At the last minute she reeled her control back in and turned her attention to uncapping the liniment. “No negotiations,” she insisted, nudging his leg with her own. “Get the damn back rub or I just pour the liniment over your head and leave you here to freeze.”

In the end, she sat behind him on the couch pouring liniment into her hands. Jake waited, his head down, his elbows on his thighs, the firelight flickering in his hair and along the sleek lines of his bare arms. Amanda set the bottle back down and turned to her work.

She did her best to remain objective. Jake was as tight as a guidewire, his muscles knotted beneath her fingers. She kneaded and rubbed, working from his neck down, over his shoulders, his back, each vertebrae of his spine, her fingers digging into sore spots and unraveling tension.

He groaned once, and the sound thrummed right through her. Amanda hadn’t meant for this to be anything but therapeutic, but it was hard to keep it that way. Jake’s back was so solid, so sinuous against her hands. His skin was warm, his body every fantasy she’d ever entertained about the male species. She could smell the twin tangs of soap and liniment on him, could hear the soft fall of his breathing, could feel the sleek muscles and tendons beneath her hands. She imagined what he’d feel like against her, around her, in her, and it threatened to overwhelm her.

“Boy, that fire’s hot,” she murmured, wiping a slippery hand along her forehead.

Jake didn’t answer.
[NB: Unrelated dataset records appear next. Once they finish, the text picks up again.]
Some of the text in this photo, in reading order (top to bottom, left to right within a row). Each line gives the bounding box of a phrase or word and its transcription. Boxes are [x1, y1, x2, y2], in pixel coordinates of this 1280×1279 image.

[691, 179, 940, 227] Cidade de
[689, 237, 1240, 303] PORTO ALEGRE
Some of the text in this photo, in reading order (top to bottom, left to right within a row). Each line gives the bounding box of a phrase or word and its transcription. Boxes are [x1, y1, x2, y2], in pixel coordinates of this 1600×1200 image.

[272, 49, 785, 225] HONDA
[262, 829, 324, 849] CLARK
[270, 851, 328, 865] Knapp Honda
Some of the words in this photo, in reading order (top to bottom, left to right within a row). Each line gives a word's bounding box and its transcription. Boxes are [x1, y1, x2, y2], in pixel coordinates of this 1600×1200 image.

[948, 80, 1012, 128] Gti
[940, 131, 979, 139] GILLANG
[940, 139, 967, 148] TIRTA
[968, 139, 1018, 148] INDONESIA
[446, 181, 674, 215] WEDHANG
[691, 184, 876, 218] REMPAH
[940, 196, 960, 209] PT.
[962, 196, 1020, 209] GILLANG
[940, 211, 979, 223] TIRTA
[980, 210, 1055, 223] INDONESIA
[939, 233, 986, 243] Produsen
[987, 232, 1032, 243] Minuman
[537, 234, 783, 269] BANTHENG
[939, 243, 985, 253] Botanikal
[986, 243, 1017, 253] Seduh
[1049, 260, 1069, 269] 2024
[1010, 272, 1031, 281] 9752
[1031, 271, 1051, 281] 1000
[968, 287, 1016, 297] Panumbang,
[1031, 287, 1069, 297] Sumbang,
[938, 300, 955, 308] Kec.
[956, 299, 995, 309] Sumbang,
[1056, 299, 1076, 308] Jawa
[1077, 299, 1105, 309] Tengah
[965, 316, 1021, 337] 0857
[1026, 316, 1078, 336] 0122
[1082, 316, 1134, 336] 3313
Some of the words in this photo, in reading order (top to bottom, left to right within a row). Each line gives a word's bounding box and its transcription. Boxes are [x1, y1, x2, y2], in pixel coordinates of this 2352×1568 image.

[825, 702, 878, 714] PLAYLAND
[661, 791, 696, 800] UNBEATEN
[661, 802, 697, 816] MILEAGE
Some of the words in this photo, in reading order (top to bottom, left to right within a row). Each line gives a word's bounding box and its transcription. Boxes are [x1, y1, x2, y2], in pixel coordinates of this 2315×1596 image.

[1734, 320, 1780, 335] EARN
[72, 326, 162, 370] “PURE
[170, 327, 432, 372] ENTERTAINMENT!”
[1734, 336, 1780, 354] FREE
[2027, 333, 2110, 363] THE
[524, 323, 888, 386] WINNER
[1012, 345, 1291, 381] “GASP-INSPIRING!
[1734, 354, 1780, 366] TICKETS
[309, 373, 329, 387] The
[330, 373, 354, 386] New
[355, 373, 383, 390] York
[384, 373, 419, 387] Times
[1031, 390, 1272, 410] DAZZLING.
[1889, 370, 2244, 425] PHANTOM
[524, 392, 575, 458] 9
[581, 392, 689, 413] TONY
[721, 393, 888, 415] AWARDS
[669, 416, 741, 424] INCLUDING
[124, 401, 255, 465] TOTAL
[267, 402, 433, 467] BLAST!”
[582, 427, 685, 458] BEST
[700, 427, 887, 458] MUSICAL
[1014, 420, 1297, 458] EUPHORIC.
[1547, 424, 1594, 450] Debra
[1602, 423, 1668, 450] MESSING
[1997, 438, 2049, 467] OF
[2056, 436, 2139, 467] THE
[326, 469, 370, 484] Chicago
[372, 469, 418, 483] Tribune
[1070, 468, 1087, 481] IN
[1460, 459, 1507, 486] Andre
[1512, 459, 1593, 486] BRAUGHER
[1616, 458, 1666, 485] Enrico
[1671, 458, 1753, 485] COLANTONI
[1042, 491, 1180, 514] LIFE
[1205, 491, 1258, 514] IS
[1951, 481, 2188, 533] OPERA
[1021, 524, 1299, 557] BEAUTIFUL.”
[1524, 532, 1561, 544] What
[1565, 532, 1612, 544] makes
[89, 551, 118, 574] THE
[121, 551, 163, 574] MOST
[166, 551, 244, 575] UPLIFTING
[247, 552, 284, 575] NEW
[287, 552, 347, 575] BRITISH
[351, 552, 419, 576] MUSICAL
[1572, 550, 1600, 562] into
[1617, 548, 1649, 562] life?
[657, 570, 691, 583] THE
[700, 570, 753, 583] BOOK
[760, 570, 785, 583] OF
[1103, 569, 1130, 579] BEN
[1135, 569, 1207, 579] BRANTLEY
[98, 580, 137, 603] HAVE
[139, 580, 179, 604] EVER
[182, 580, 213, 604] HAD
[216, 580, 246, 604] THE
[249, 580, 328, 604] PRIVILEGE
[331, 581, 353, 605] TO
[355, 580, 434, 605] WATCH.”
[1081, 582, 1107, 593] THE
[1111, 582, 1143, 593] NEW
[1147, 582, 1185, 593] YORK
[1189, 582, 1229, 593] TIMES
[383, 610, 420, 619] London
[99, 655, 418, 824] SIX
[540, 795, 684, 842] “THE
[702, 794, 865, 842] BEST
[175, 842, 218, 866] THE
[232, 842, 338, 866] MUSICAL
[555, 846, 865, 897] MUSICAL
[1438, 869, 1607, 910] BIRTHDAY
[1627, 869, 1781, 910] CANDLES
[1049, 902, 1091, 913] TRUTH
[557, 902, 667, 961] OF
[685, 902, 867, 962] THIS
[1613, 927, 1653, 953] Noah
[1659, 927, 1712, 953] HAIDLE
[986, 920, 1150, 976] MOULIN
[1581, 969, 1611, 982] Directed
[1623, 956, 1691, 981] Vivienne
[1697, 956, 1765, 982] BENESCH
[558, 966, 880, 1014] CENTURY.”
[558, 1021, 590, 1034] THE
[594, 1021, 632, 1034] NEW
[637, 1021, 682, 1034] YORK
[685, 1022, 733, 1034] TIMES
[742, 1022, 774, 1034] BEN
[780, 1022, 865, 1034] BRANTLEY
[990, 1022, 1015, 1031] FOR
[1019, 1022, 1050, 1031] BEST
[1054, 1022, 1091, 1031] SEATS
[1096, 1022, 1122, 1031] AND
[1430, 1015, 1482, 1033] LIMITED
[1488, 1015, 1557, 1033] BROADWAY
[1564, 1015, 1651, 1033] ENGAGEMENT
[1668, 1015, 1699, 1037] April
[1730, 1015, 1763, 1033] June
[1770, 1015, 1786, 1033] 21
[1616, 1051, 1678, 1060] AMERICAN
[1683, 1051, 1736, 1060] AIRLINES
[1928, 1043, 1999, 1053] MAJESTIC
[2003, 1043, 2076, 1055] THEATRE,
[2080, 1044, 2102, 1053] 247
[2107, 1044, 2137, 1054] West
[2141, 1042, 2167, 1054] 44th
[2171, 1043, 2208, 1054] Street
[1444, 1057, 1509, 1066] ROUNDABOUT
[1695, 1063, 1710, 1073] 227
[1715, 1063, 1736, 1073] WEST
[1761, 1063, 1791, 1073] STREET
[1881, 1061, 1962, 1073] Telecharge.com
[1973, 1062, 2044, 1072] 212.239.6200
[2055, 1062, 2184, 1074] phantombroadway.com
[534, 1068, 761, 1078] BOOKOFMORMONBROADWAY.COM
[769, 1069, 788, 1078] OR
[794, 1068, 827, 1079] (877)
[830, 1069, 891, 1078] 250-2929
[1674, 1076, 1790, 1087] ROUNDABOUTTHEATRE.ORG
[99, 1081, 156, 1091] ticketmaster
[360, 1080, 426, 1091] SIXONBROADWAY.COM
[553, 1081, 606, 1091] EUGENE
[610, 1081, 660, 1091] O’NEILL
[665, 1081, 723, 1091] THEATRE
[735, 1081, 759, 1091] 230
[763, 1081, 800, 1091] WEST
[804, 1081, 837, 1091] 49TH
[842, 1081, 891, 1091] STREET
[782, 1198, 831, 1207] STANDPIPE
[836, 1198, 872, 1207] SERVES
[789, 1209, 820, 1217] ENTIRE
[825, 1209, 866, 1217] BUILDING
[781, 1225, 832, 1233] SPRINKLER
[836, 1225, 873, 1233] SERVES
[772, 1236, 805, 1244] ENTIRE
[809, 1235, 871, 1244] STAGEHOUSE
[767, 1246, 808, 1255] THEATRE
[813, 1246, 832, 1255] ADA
He didn’t move.

“Jake?” she whispered, leaning a little to the left to see the angles of his face limned in fire. “You okay? Are you too hot?”

Amanda almost groaned at the question. She was the one who was too hot. Her hands ached to wander farther afield. Her breasts burned for another taste of Jake’s hands.

But Jake still didn’t answer.

“Jake?”

That was when she realized that her treatment had worked. He wasn’t relaxed. He was asleep. Between the hot food, pain medicine and massage, he’d finally given in to the battering abuse his body had suffered over the last few days. His eyes were closed and his head down, that tumble of dark golden hair falling forward over his forehead.

Amanda wasn’t sure what to do. She was afraid that if she tried to get him into his own room, he’d wake up enough to demand a walk out to the barn. There was an afghan on Lee’s bed. After carefully easing Jake back, she ran in to get it. Then, covering him, she slid down on the floor next to the couch to make sure Jake would be all right there with that medicine on board.

Amanda reached up to brush the hair back that fell in his eyes and ran an exploratory finger along the line of stitches that had crusted over. She could see the bruises Sidewinder had left behind, both on Jake’s face and his chest. She could tell how much Jake had been hurting. Well, she’d just stay here to make sure he didn’t hurt himself any more.